The wave of cross-border mergers began back in 2007–2008 after the implementation deadline of the EU Directive[1] allowing companies established in different jurisdictions within the EU and EEA to merge cross-border. To express the idea of a cross-border merger in very simple terms: as a result of a cross-border merger, all the assets, rights and liabilities of the merging companies are transferred and become part of the acquiring company in another jurisdiction, based on so-called universal succession and in basically the same way as if they had all been established in the same country. In the majority of cases, the acquiring company continues operating in the countries of the merging companies through branches.

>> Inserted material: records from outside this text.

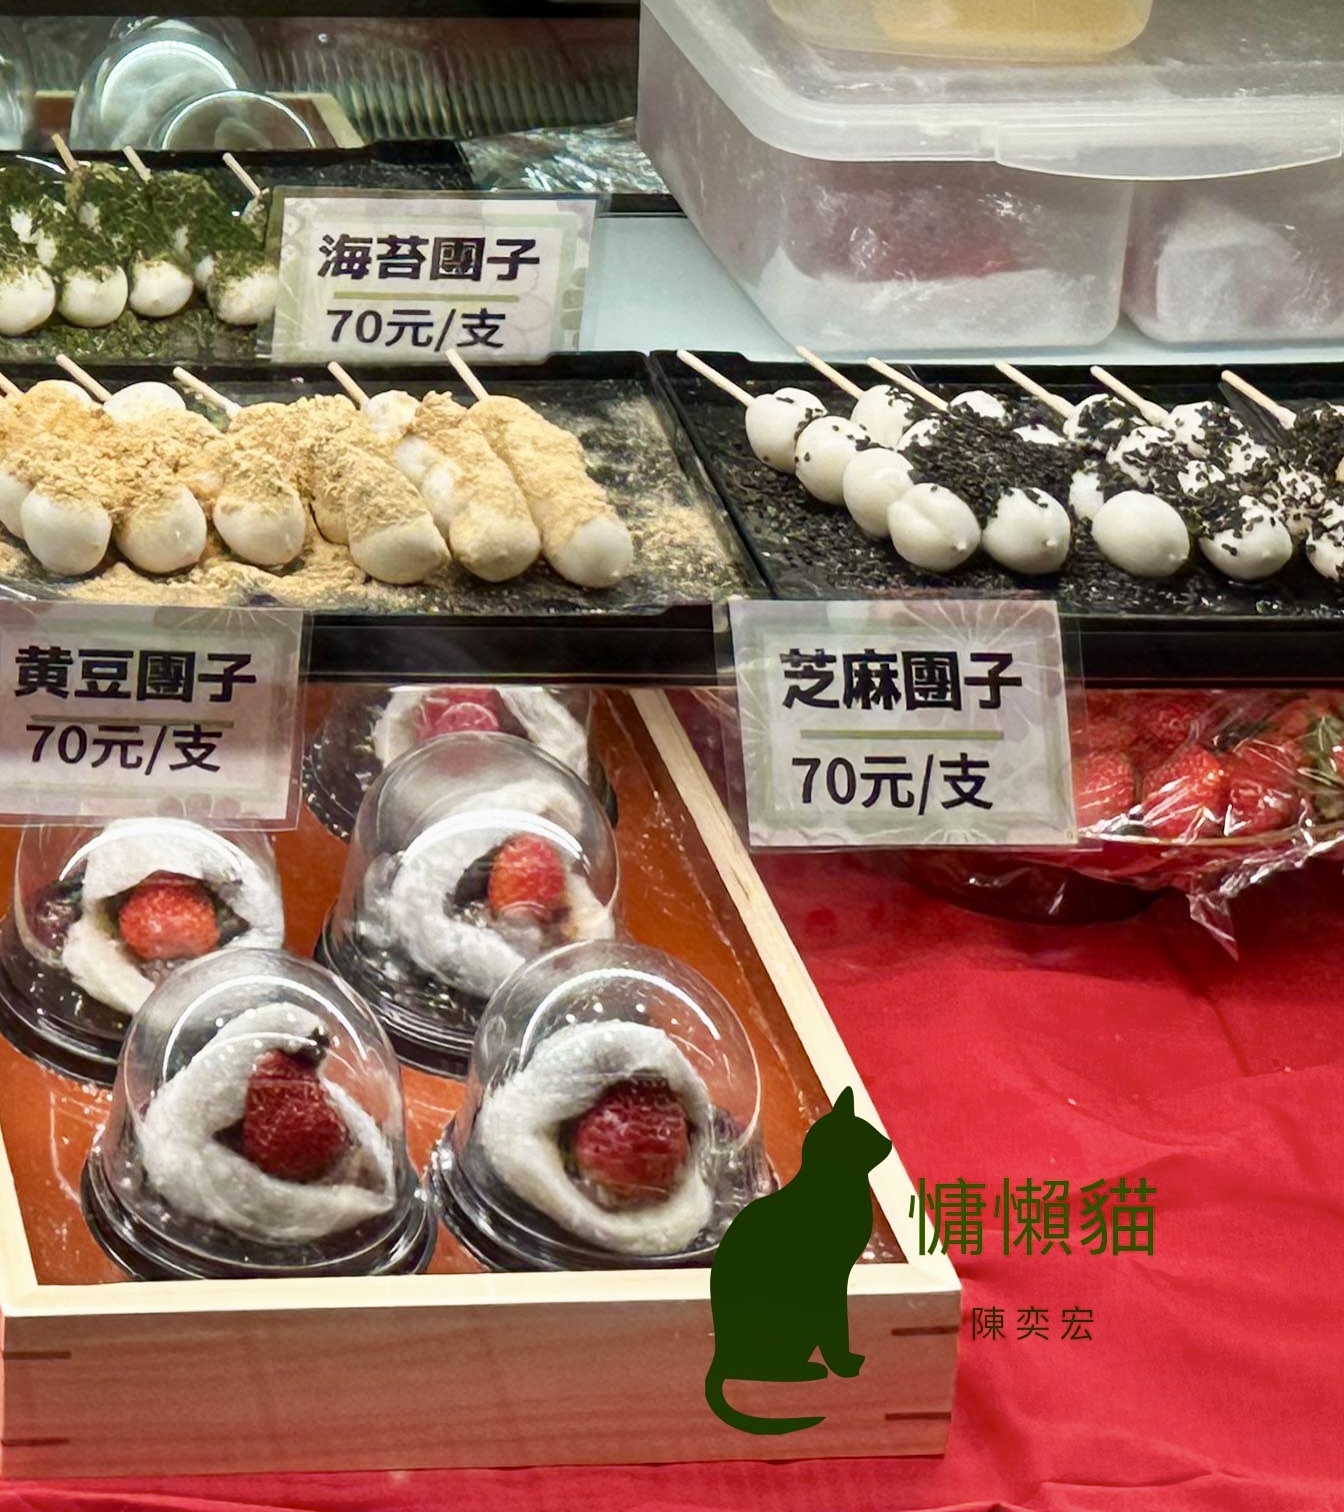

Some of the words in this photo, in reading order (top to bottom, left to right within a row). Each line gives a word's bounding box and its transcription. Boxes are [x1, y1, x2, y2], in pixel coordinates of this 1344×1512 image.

[317, 233, 540, 282] 海苔團子
[326, 307, 506, 352] 70元/支
[779, 648, 1023, 711] 芝麻團子
[25, 723, 223, 776] 70元/支
[792, 752, 994, 816] 70元/支

As an illustration, recent research by Maastricht University (in the report Cross-Border Corporate Mobility in the EU: Empirical Findings 2021[2]) shows that, from 2007–2008 to 2020, 142 companies from Estonia, 133 companies from Latvia and 116 companies from Lithuania were involved in a cross-border merger process. Comparatively, Lithuania (85 out of 116) and Latvia (74 out of 133) recorded more “exit cases”, where the majority of companies were merging with or into a foreign company. Estonia, for its part, recorded more incoming mergers (92 out of 142), where companies from other jurisdictions were merged with and into an Estonian company.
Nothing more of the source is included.